Information provided below:

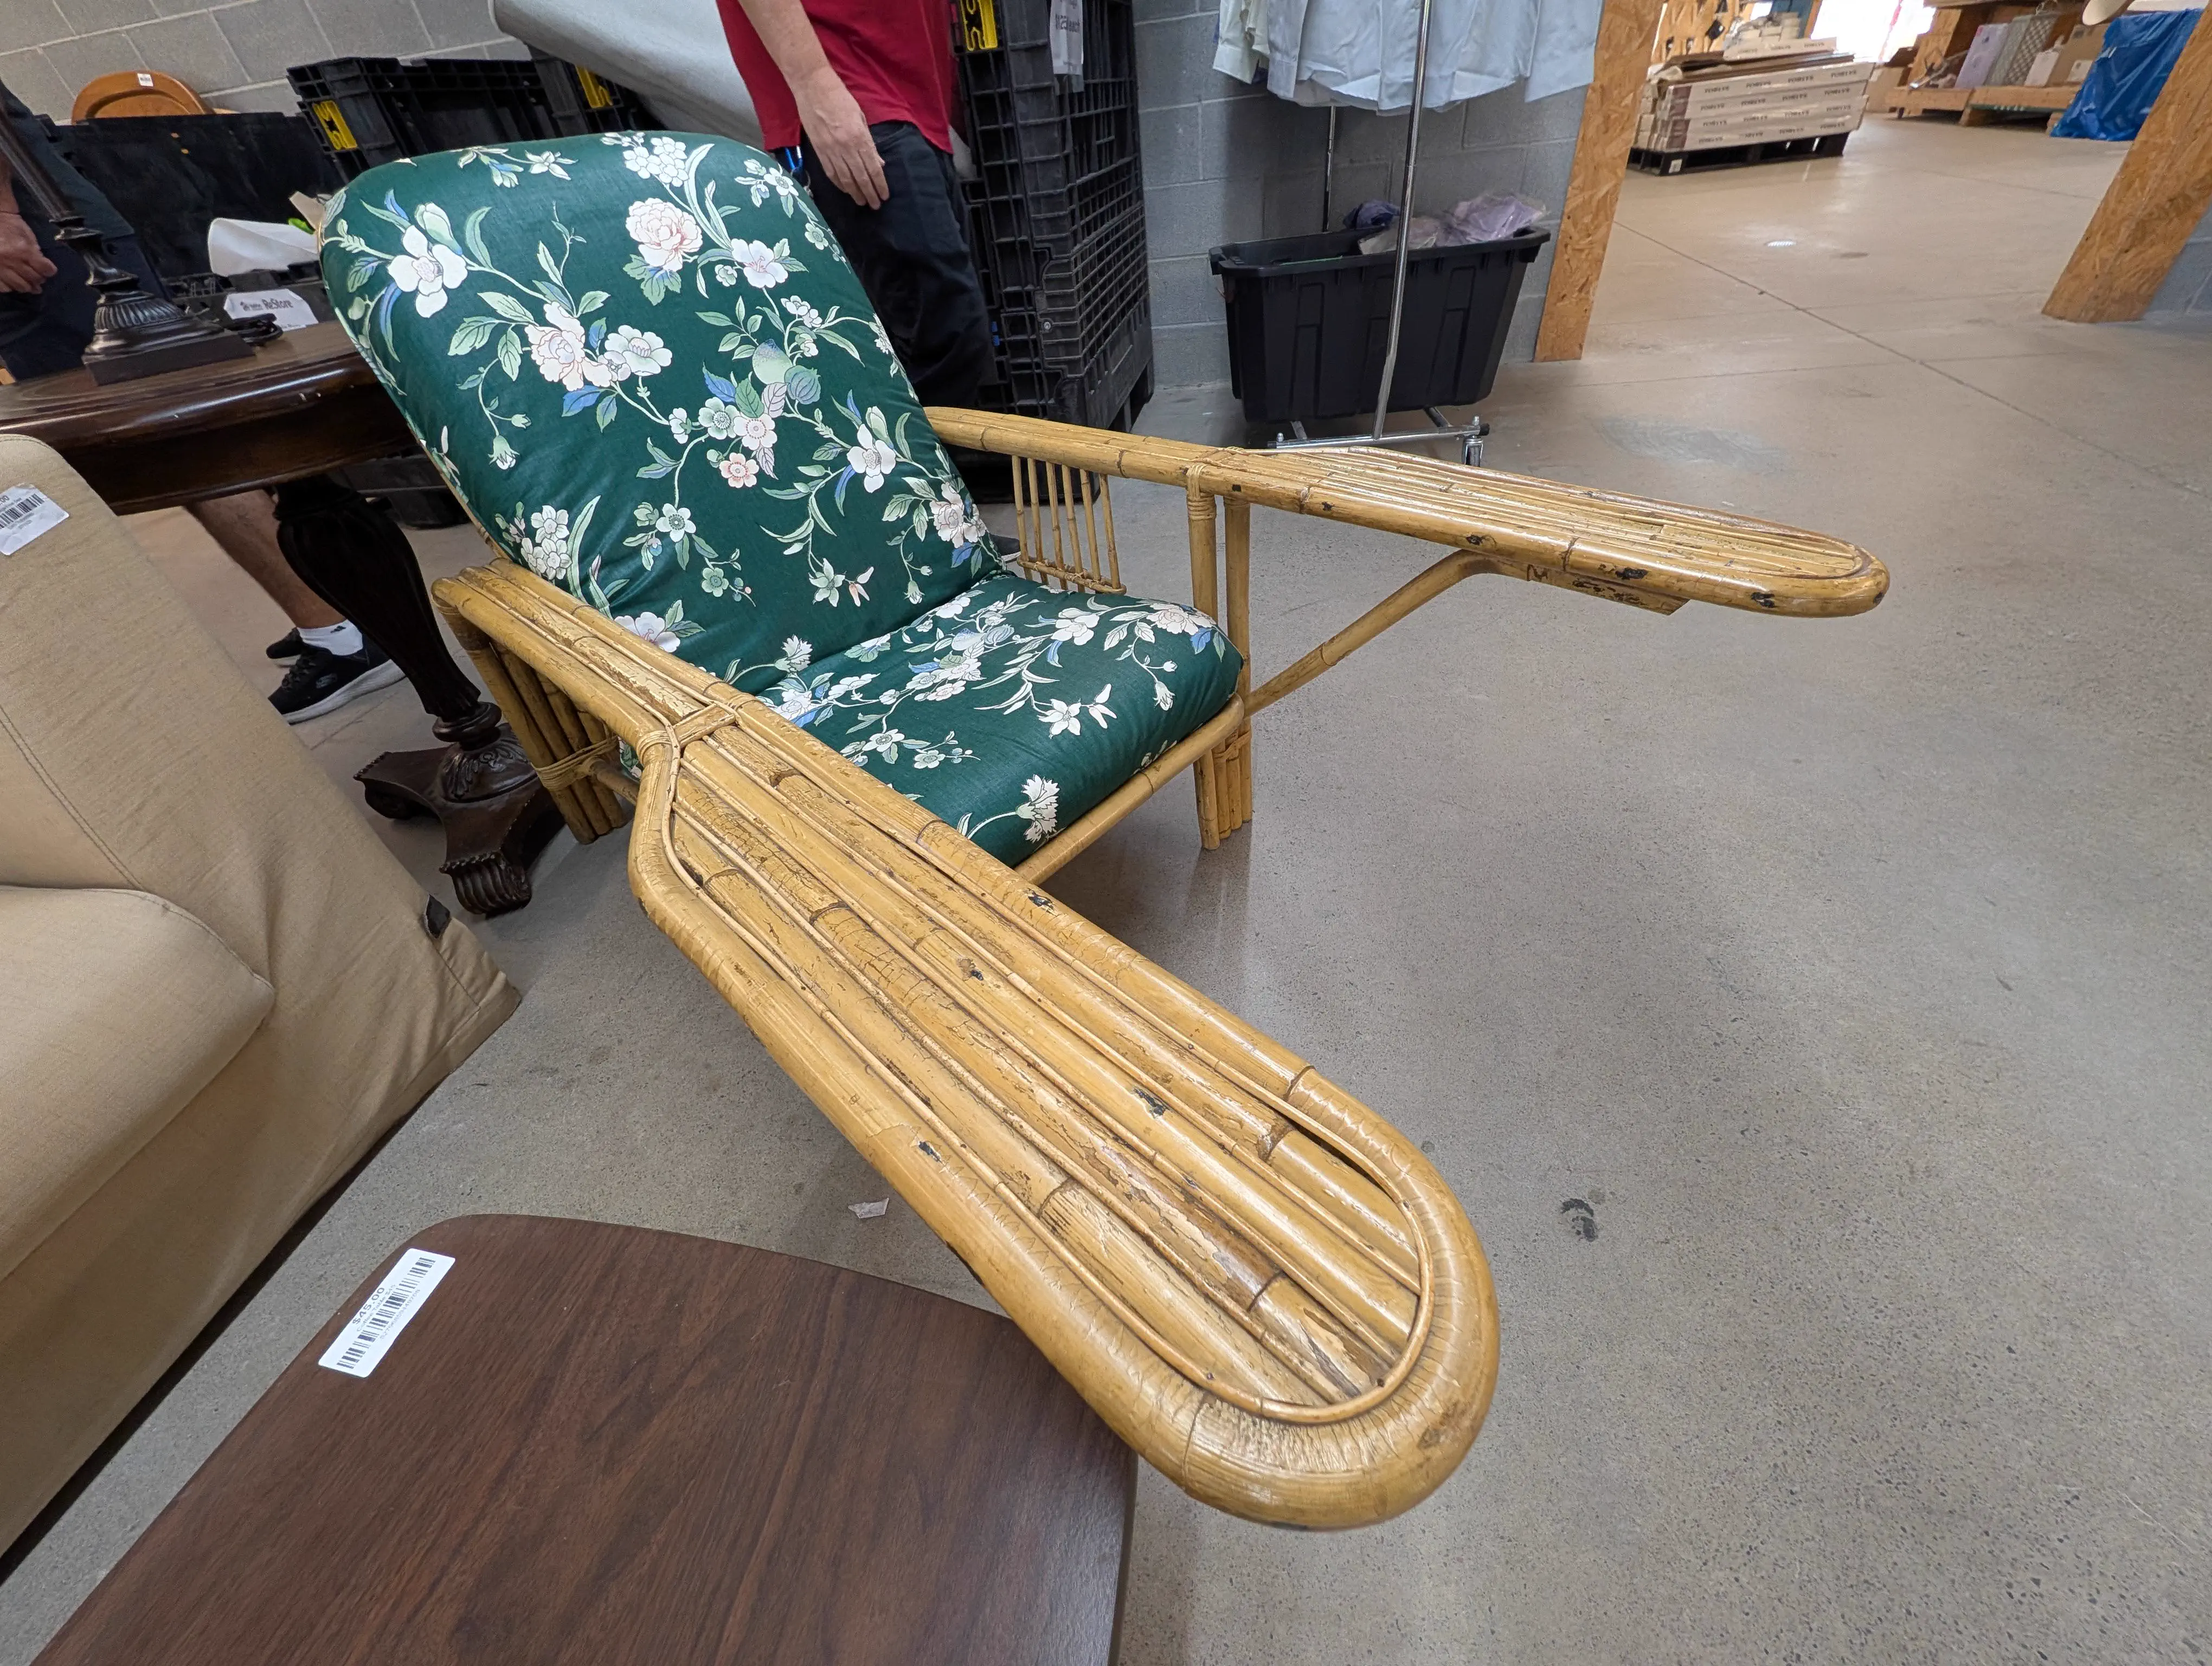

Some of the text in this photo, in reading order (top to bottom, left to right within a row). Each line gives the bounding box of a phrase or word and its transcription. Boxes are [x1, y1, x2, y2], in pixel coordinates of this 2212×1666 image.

[262, 299, 293, 309] ReStore
[352, 1287, 385, 1324] $45.00
[357, 1312, 374, 1331] Coffee
[372, 1297, 386, 1311] Table
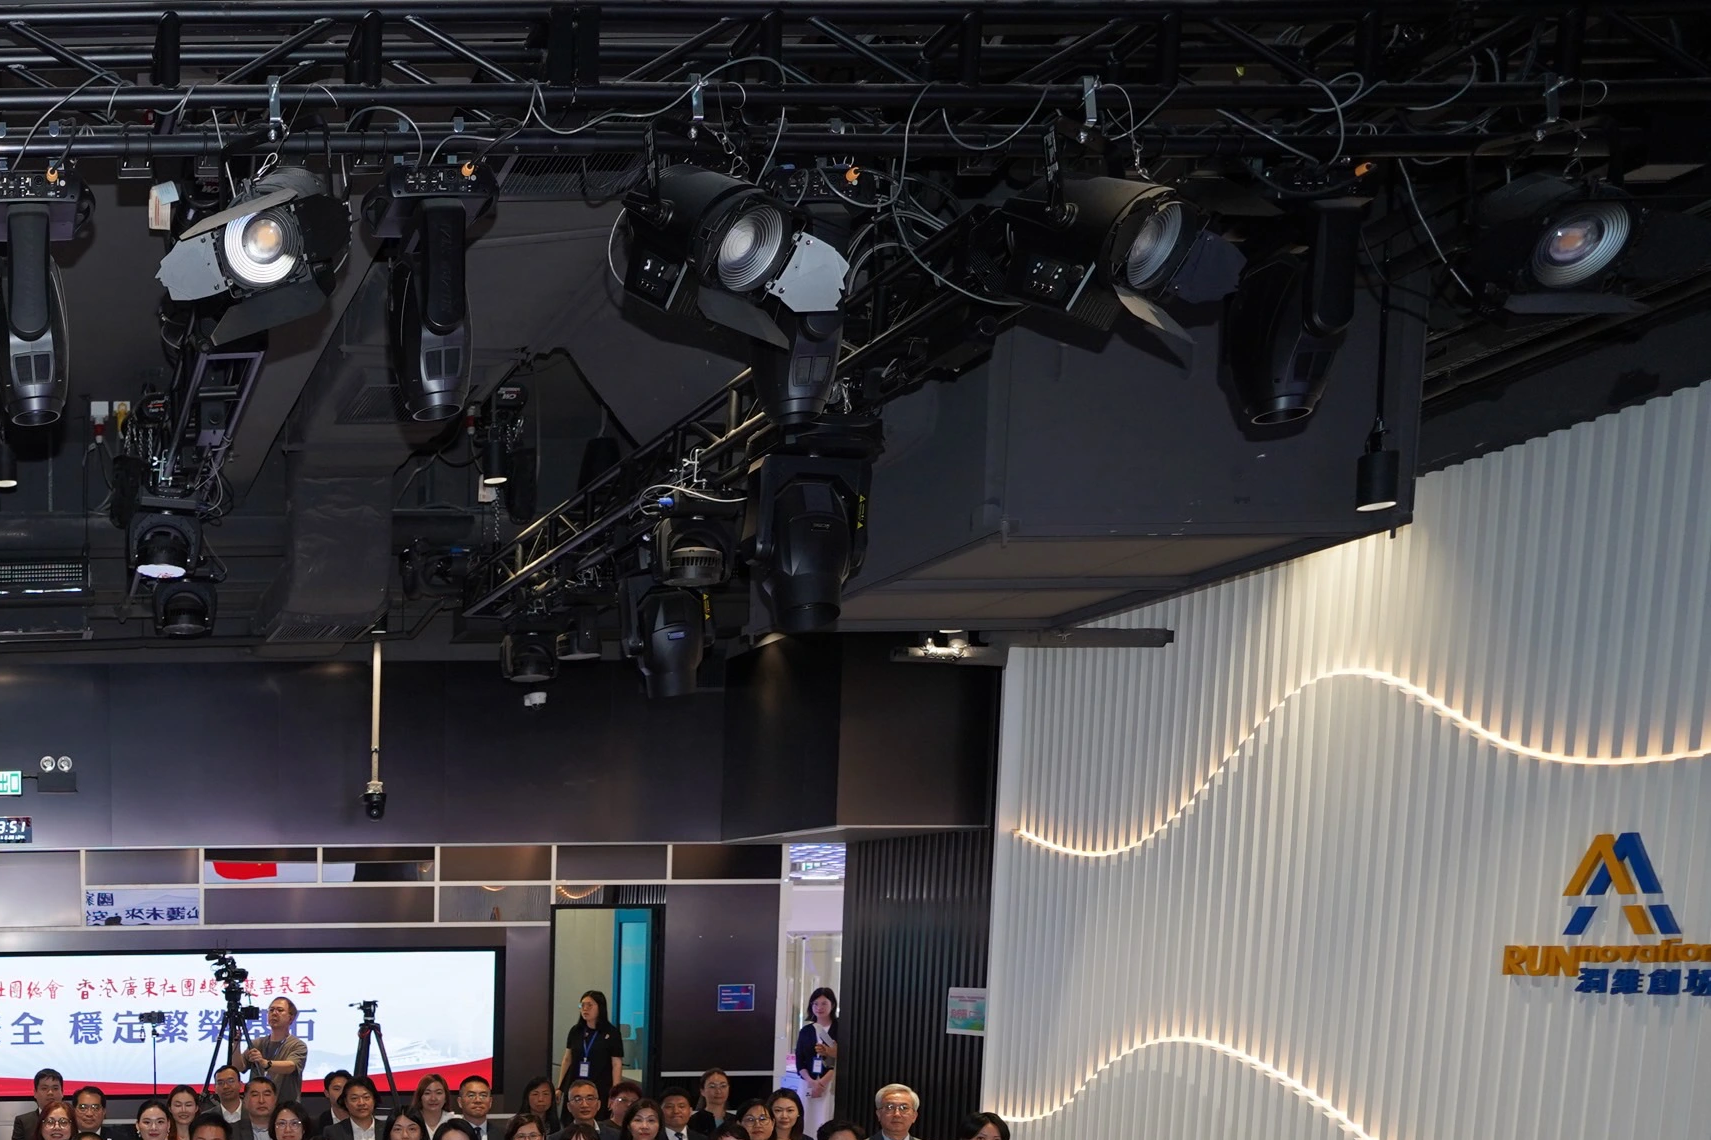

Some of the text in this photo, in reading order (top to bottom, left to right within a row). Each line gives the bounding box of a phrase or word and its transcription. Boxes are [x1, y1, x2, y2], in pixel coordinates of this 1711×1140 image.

[76, 976, 316, 1000] 香港廣東社團總慈善基金
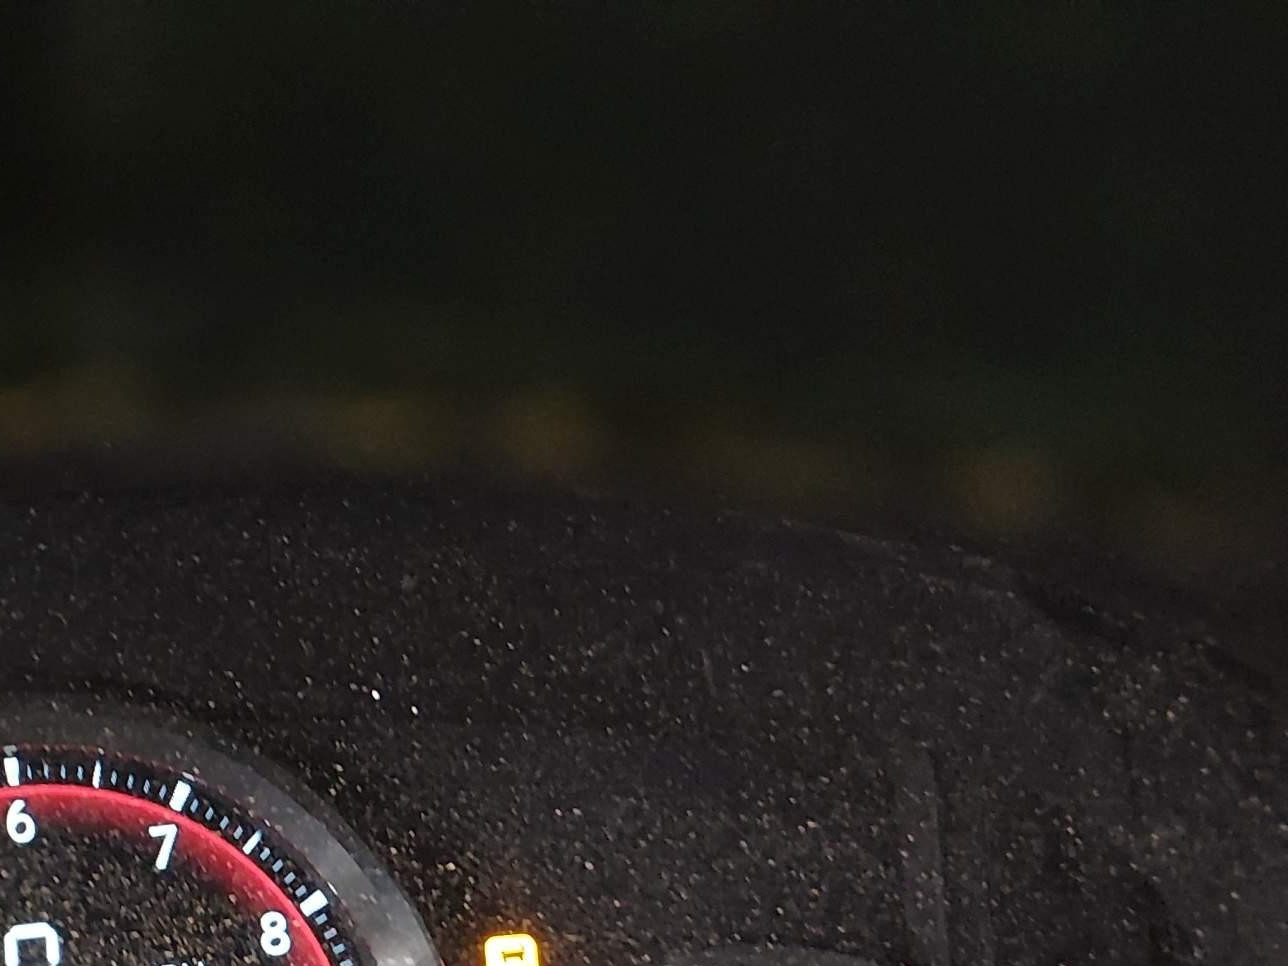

End of Information provided.

_Activity_
Give the material again exactly as it is, but keep the pictures out.

_Response to this task_
Some of the text in this photo, in reading order (top to bottom, left to right within a row). Each line gives the bounding box of a phrase or word and its transcription. Boxes are [x1, y1, x2, y2], in pixel coordinates of this 2212×1666 image.

[262, 299, 293, 309] ReStore
[352, 1287, 385, 1324] $45.00
[357, 1312, 374, 1331] Coffee
[372, 1297, 386, 1311] Table

Some of the text in this photo, in reading order (top to bottom, left to right within a row). Each line gives the bounding box of a phrase or word and its transcription. Boxes are [x1, y1, x2, y2], in pixel coordinates of this 1711×1140 image.

[76, 976, 316, 1000] 香港廣東社團總慈善基金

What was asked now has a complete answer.